____ AVAILABLE DATA
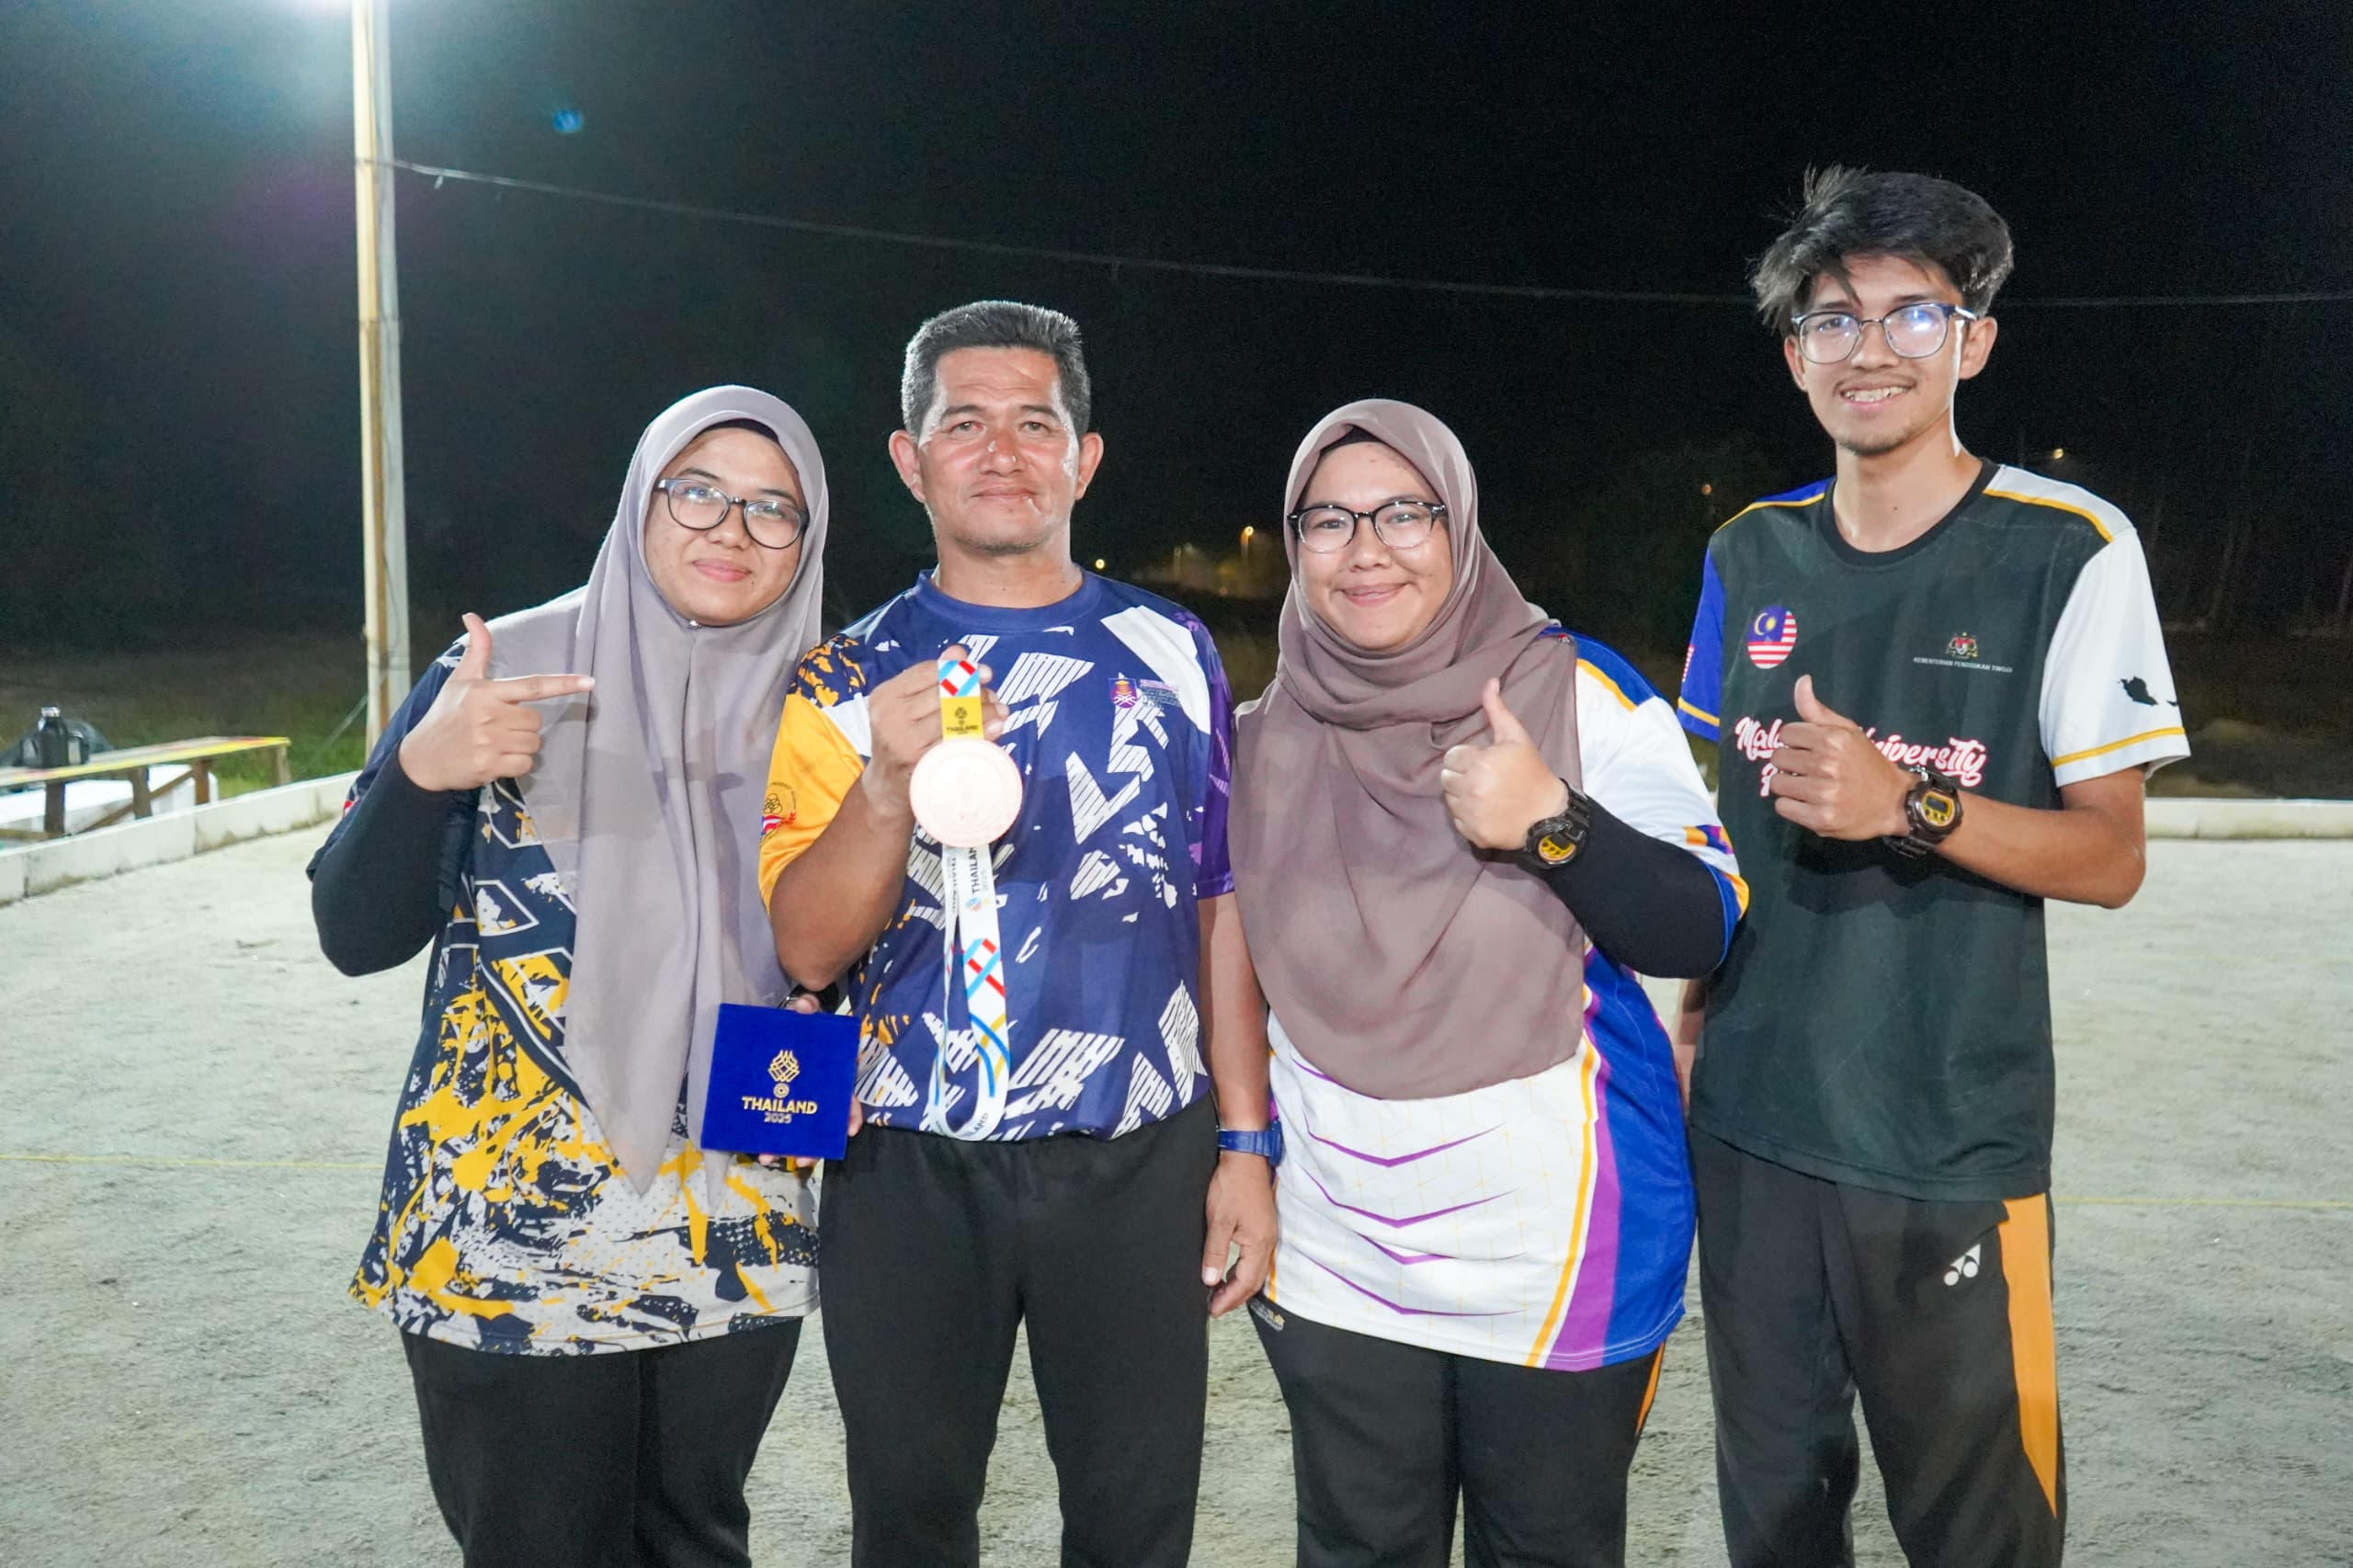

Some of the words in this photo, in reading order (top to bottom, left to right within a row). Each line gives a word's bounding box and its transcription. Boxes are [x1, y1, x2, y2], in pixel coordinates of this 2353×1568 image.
________
____ AVAILABLE DATA
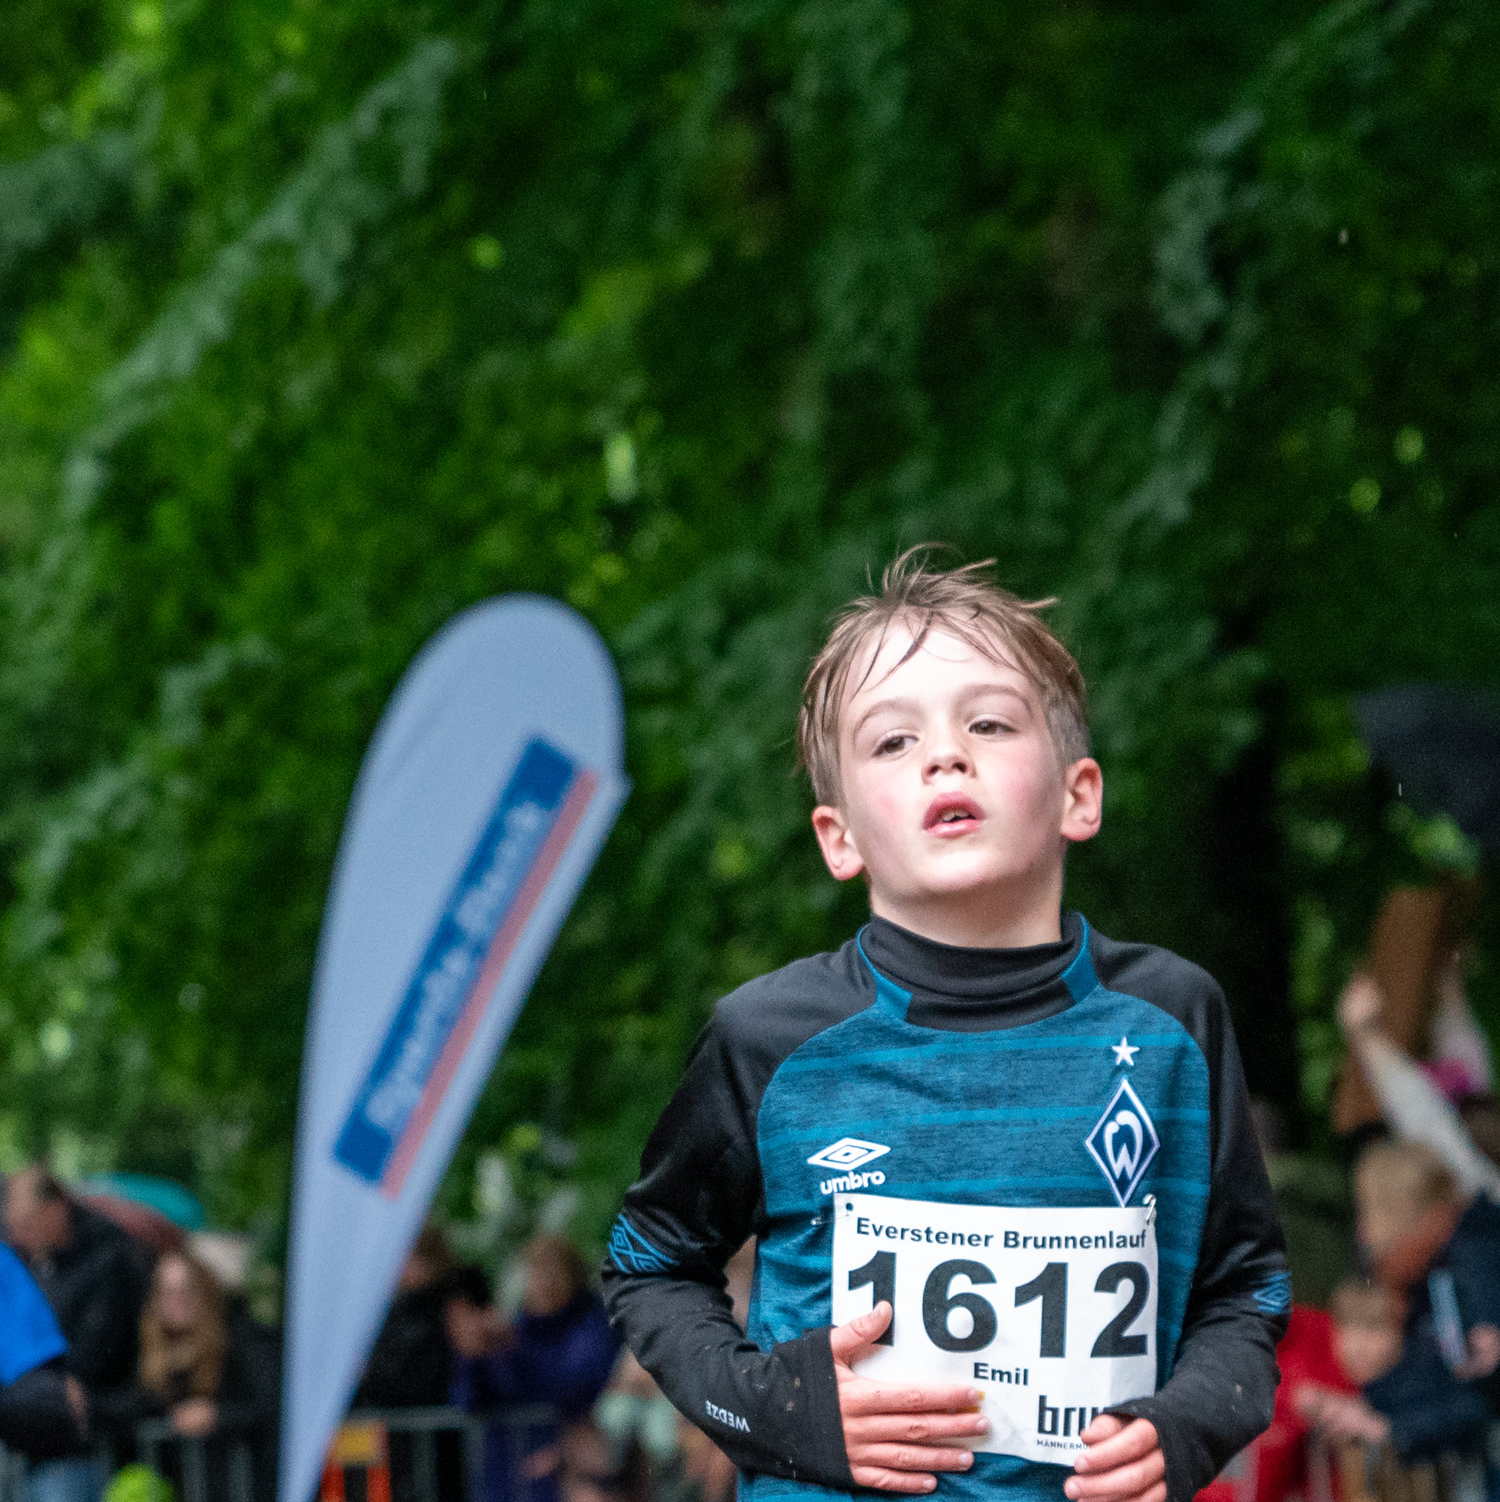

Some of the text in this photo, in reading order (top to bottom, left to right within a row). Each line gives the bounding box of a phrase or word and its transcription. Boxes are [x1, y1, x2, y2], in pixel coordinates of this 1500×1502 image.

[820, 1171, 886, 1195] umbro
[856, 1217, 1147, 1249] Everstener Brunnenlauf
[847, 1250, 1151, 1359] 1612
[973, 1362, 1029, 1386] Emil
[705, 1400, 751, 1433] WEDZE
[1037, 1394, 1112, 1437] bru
________
____ AVAILABLE DATA
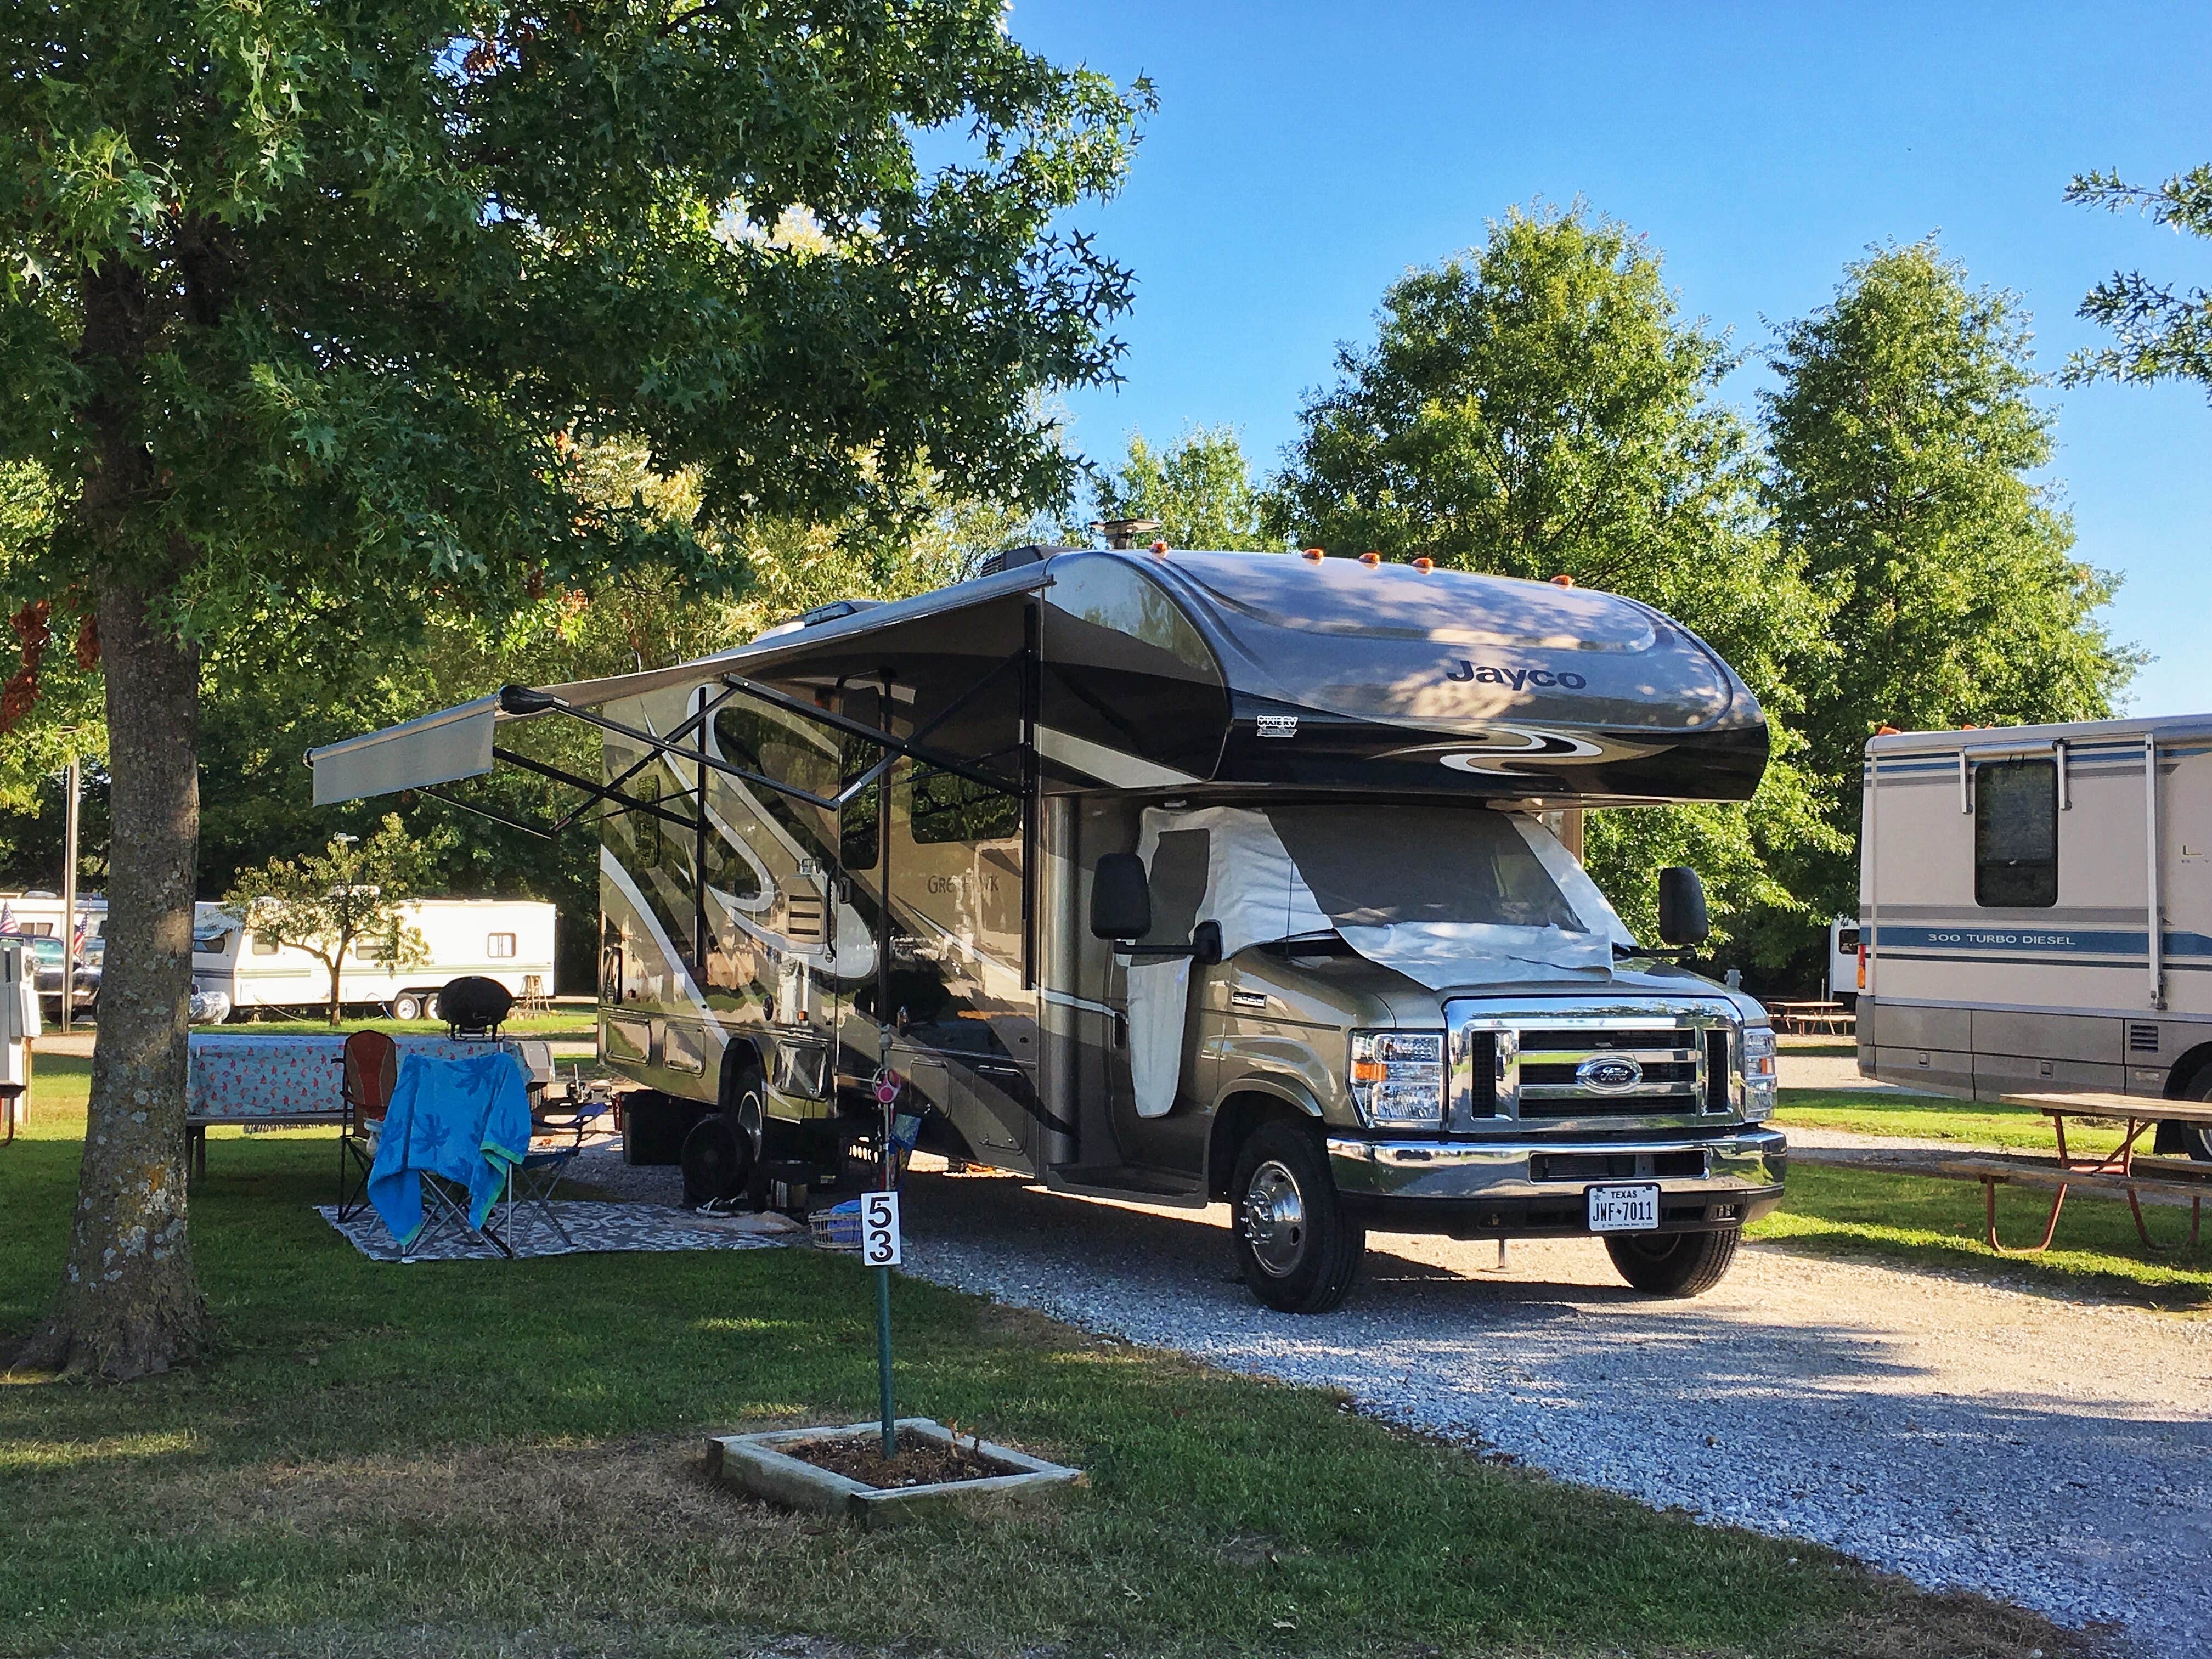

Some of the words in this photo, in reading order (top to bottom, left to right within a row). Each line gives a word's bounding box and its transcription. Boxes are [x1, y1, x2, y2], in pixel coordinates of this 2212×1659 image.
________
If a line in the material above holds "words", copy it.

### COMPLETED TASK
Some of the words in this photo, in reading order (top to bottom, left to right within a row). Each line gives a word's bounding box and its transcription. Boxes are [x1, y1, x2, y2], in pixel coordinates of this 2353×1568 image.
Some of the words in this photo, in reading order (top to bottom, left to right within a row). Each line gives a word's bounding box and its transcription. Boxes are [x1, y1, x2, y2], in pixel coordinates of this 2212×1659 image.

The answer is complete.